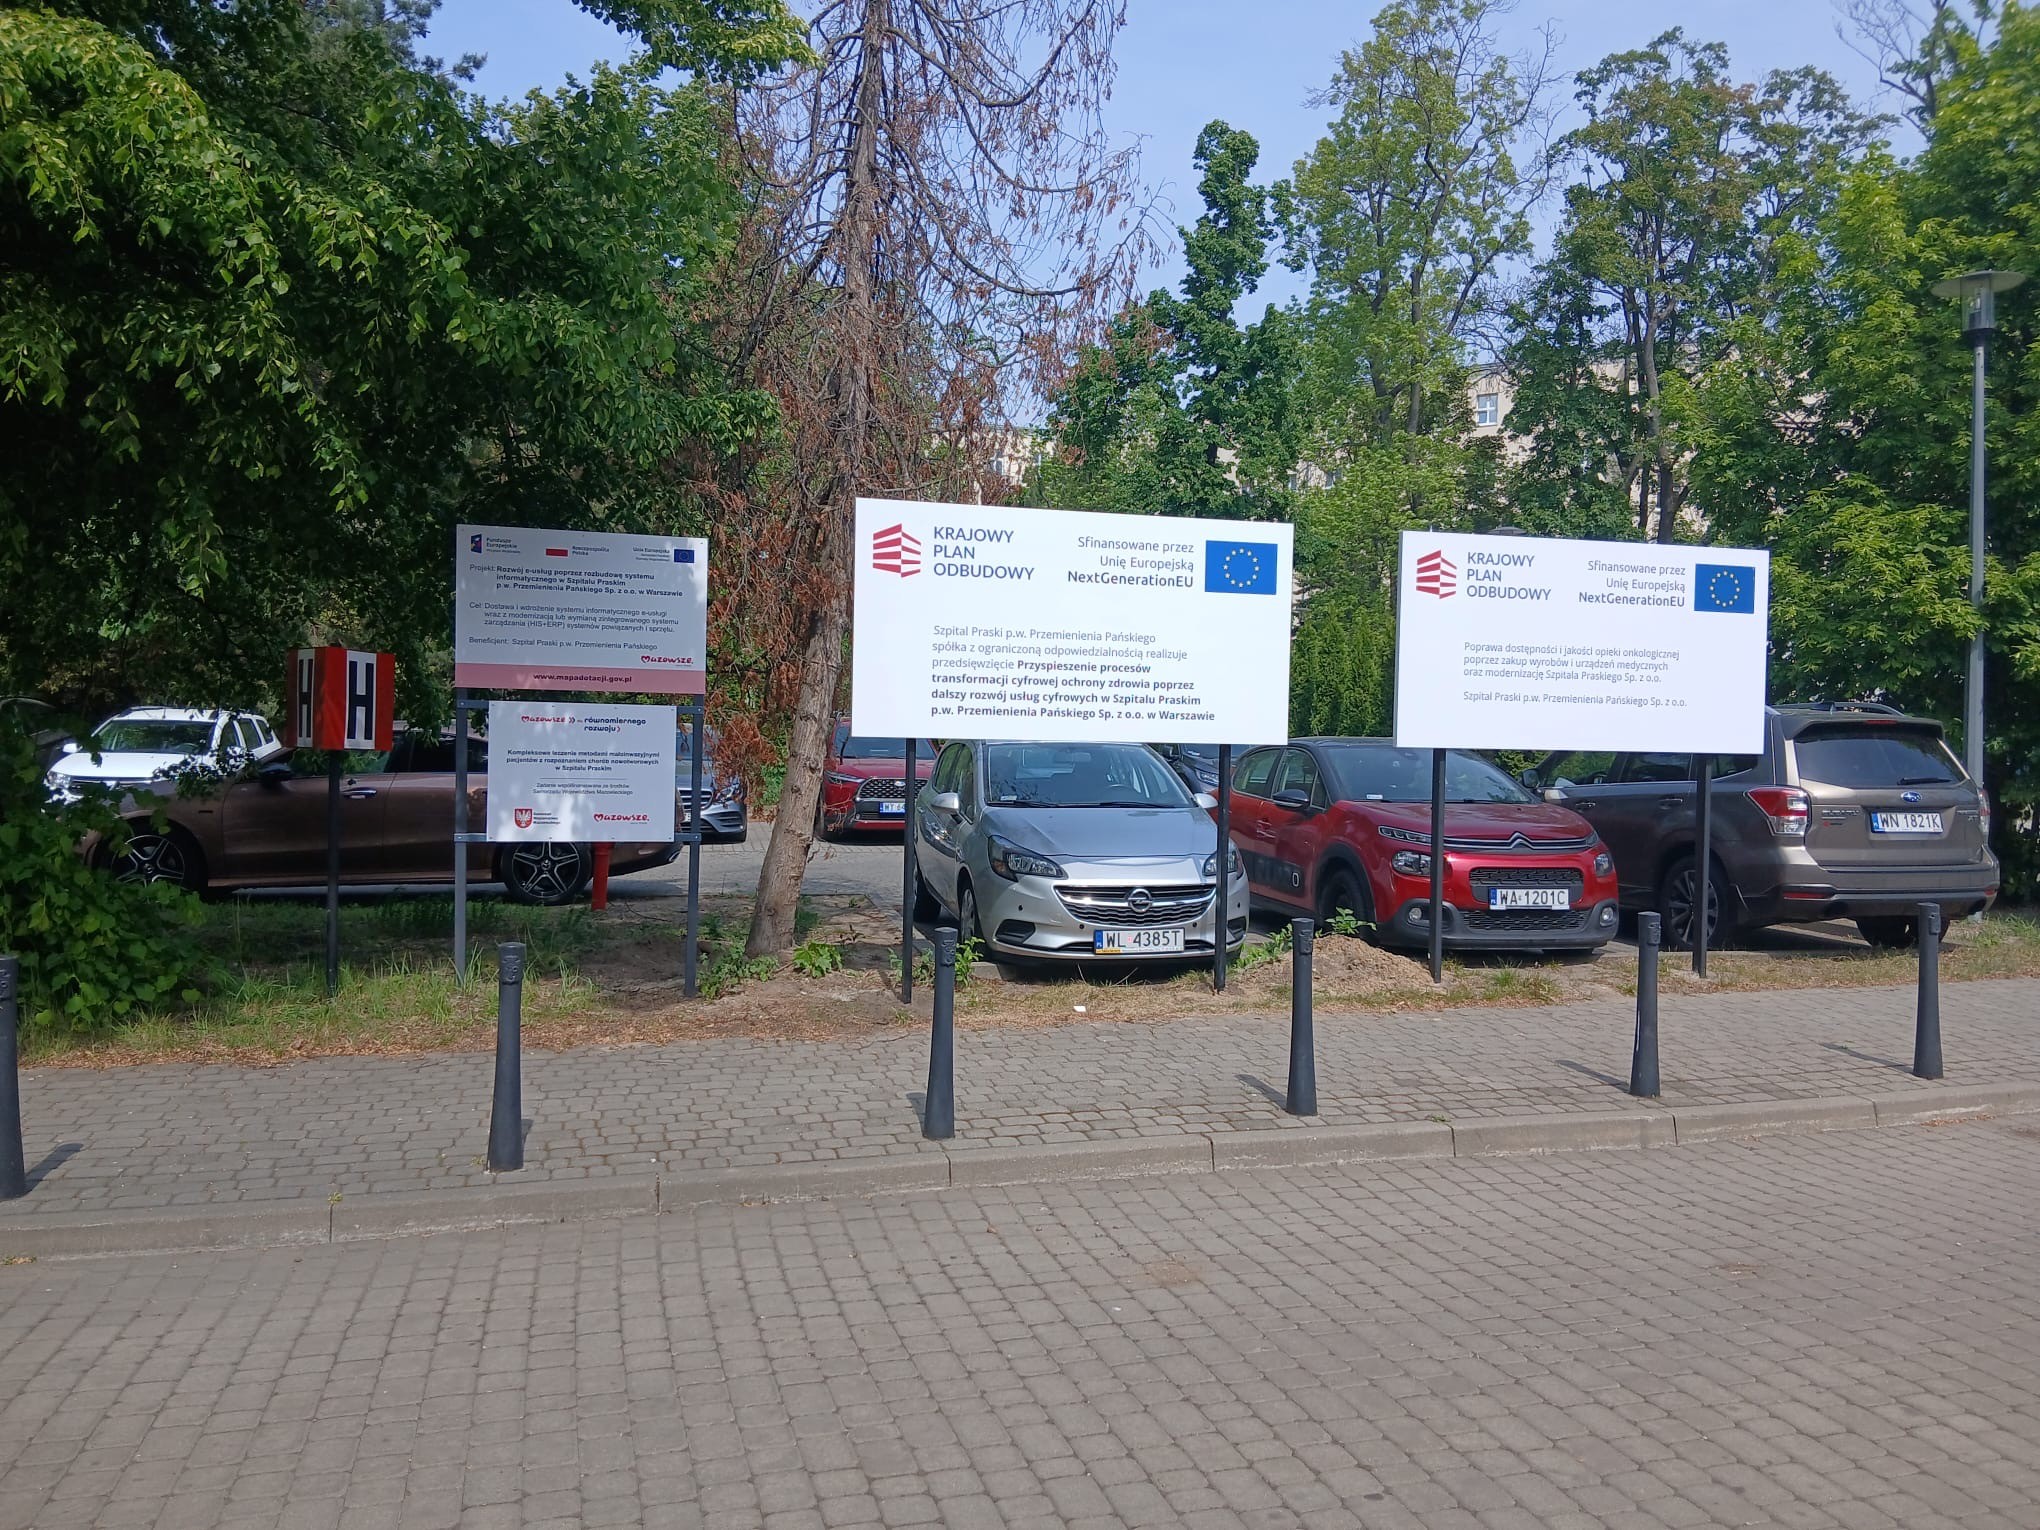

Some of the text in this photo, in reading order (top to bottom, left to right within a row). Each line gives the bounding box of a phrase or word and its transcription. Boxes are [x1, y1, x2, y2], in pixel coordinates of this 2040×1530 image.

[933, 526, 1014, 543] KRAJOWY
[933, 544, 975, 559] PLAN
[1078, 536, 1194, 556] Sfinansowane przez
[1100, 555, 1194, 574] Unię Europejską
[1467, 552, 1535, 568] KRAJOWY
[933, 562, 1034, 580] ODBUDOWY
[1467, 568, 1502, 582] PLAN
[1588, 560, 1686, 578] Sfinansowane przez
[1067, 570, 1194, 588] NextGenerationEU
[1606, 577, 1685, 595] Unię Europejską
[1467, 585, 1551, 600] ODBUDOWY
[1579, 592, 1685, 607] NextGenerationEU
[934, 626, 1156, 645] Szpital Praski p.w. Przemienienia Pańskiego
[932, 641, 1188, 662] spółka z ograniczoną odpowiedzialnością realizuje
[1464, 642, 1680, 661] Poprawa dostępności i jakości opieki onkologicznej
[932, 657, 1151, 676] przedsięwzięcie Przyspieszenie procesów
[1463, 656, 1668, 673] poprzez zakup wyrobów i urządzeń medycznych
[534, 673, 632, 683] www.mapadotacji.gov.pl
[932, 674, 1194, 693] transformacji cyfrowej ochrony zdrowia poprzez
[1463, 668, 1482, 676] oraz
[1484, 667, 1543, 681] modernizację
[1545, 669, 1578, 682] Szpitala
[1580, 670, 1622, 684] Praskiego
[1624, 672, 1637, 684] Sp.
[347, 660, 374, 740] H
[931, 689, 1201, 707] dalszy rozwój usług cyfrowych w Szpitalu Praskim
[1463, 691, 1492, 704] Szpital
[1494, 692, 1520, 701] Praski
[1522, 695, 1540, 705] p.w.
[1542, 693, 1603, 704] Przemienienia
[1605, 695, 1648, 708] Pańskiego
[1650, 696, 1663, 709] Sp.
[584, 716, 646, 725] równomiernego
[931, 707, 953, 719] p.w.
[957, 705, 1036, 717] Przemienienia
[1040, 707, 1095, 722] Pańskiego
[1098, 708, 1113, 722] Sp.
[1117, 711, 1122, 719] z
[1124, 711, 1143, 719] o.o.
[1158, 709, 1215, 720] Warszawie
[1880, 814, 1941, 828] WN 1821K
[1500, 890, 1518, 905] WA
[1524, 890, 1566, 905] 1201C
[1106, 933, 1126, 947] WL
[1133, 930, 1180, 946] 4385T
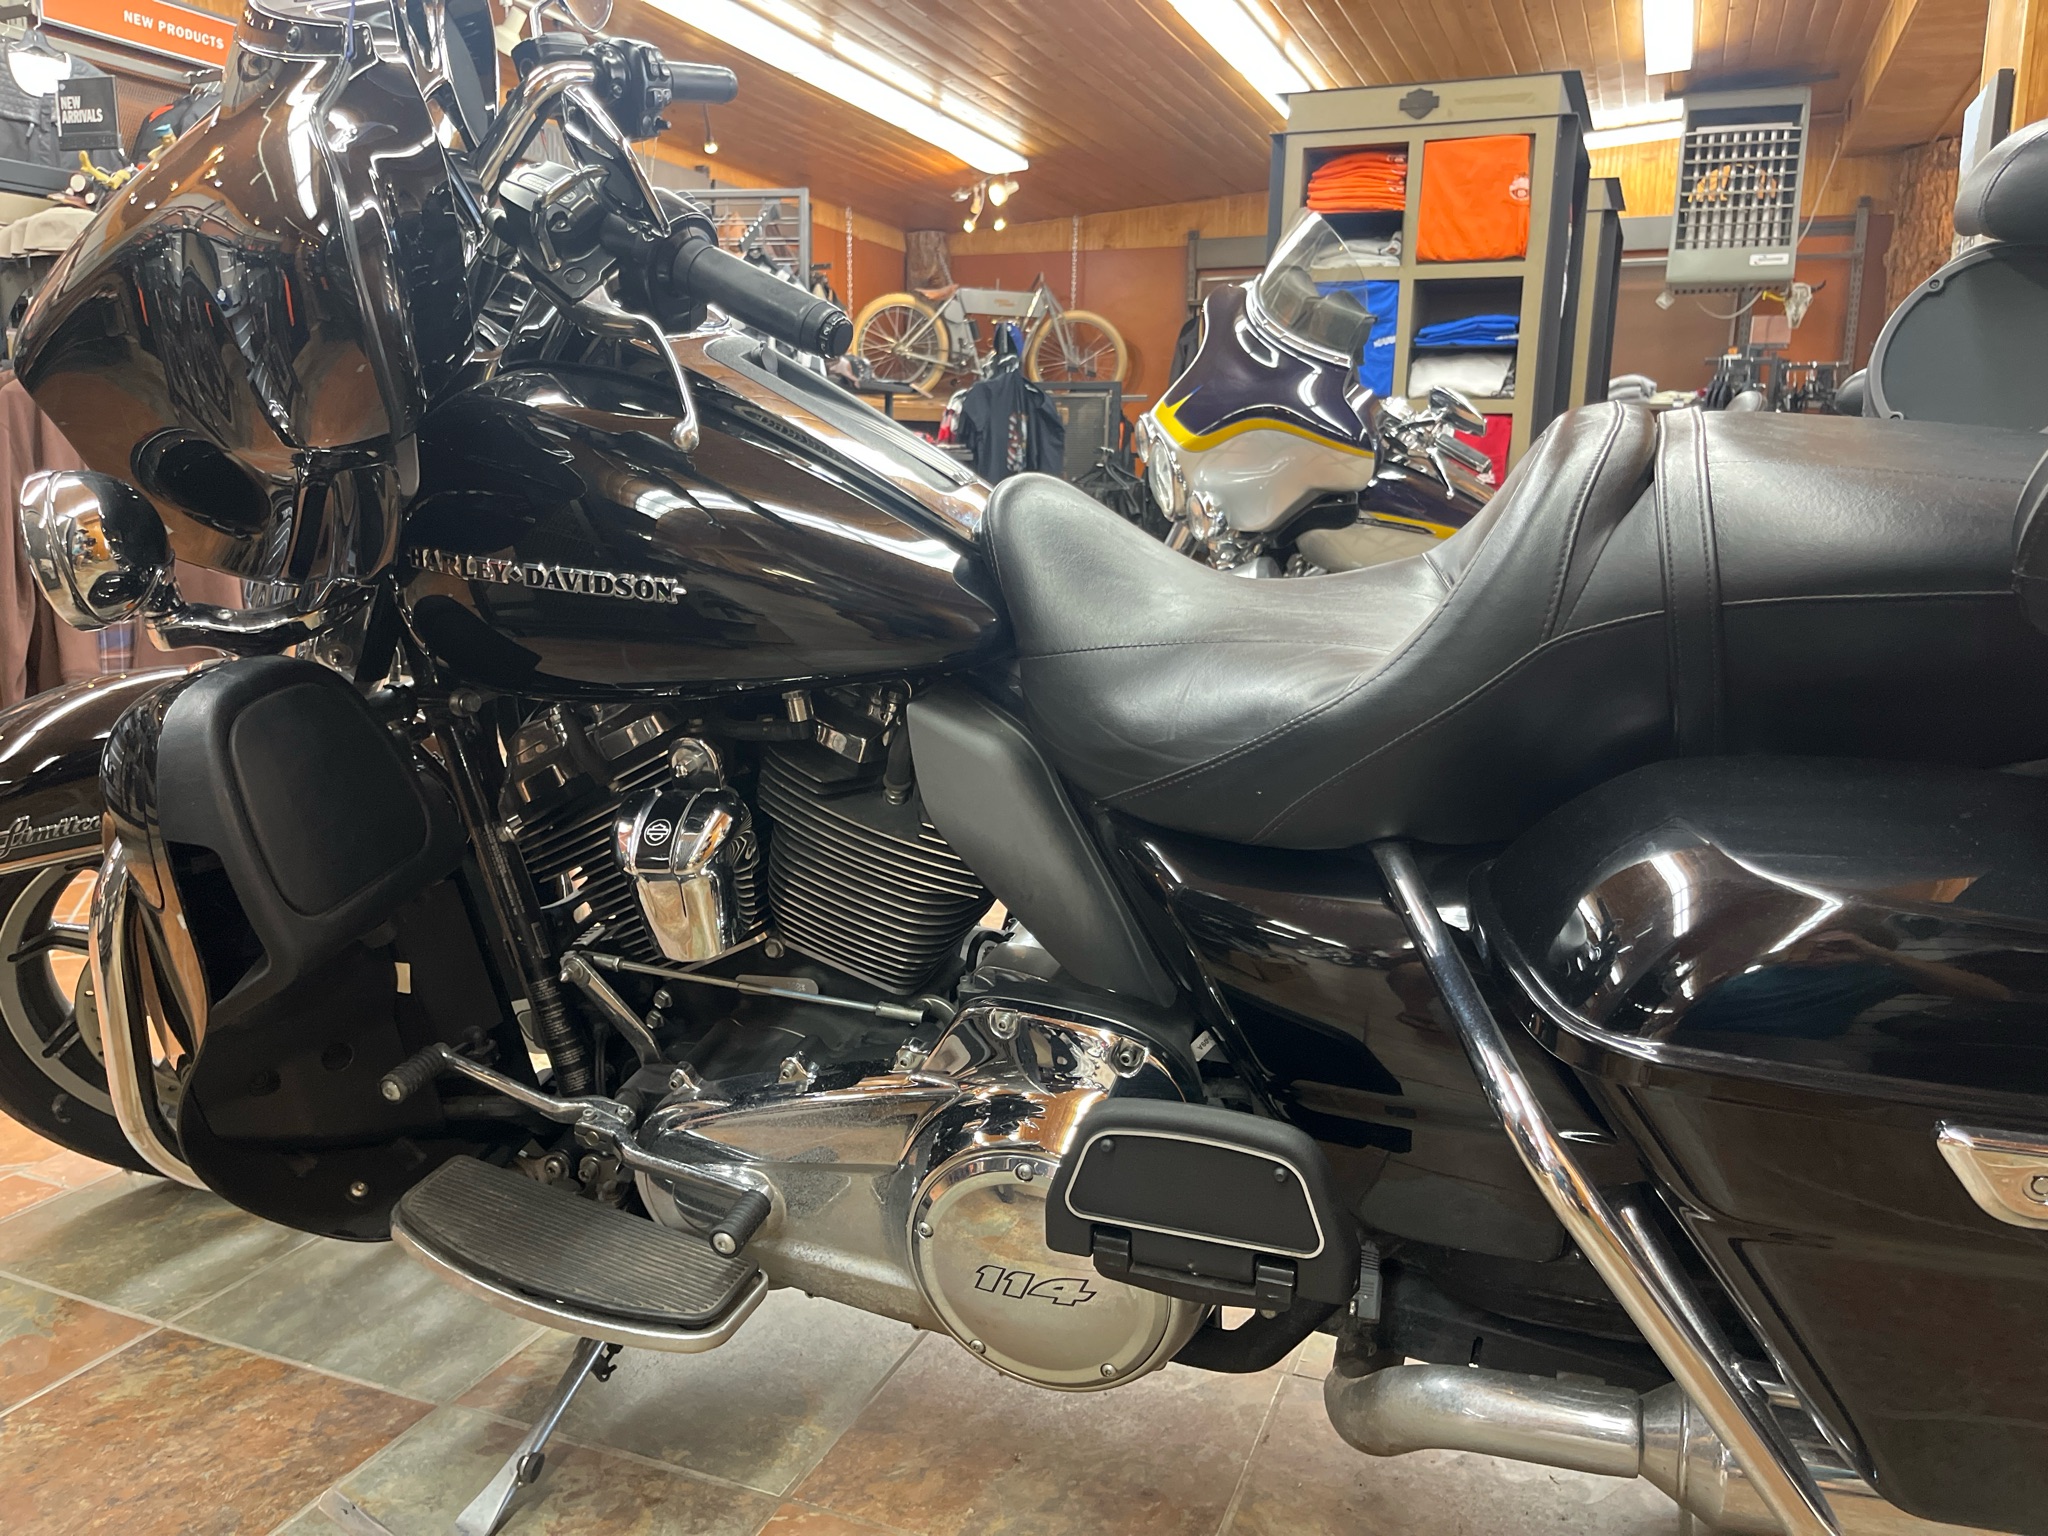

--- --- ---

* [Exercise instructions]: When a line in the records holds the string "Europejską", copy that line.

* [Task result]:
[1100, 555, 1194, 574] Unię Europejską
[1606, 577, 1685, 595] Unię Europejską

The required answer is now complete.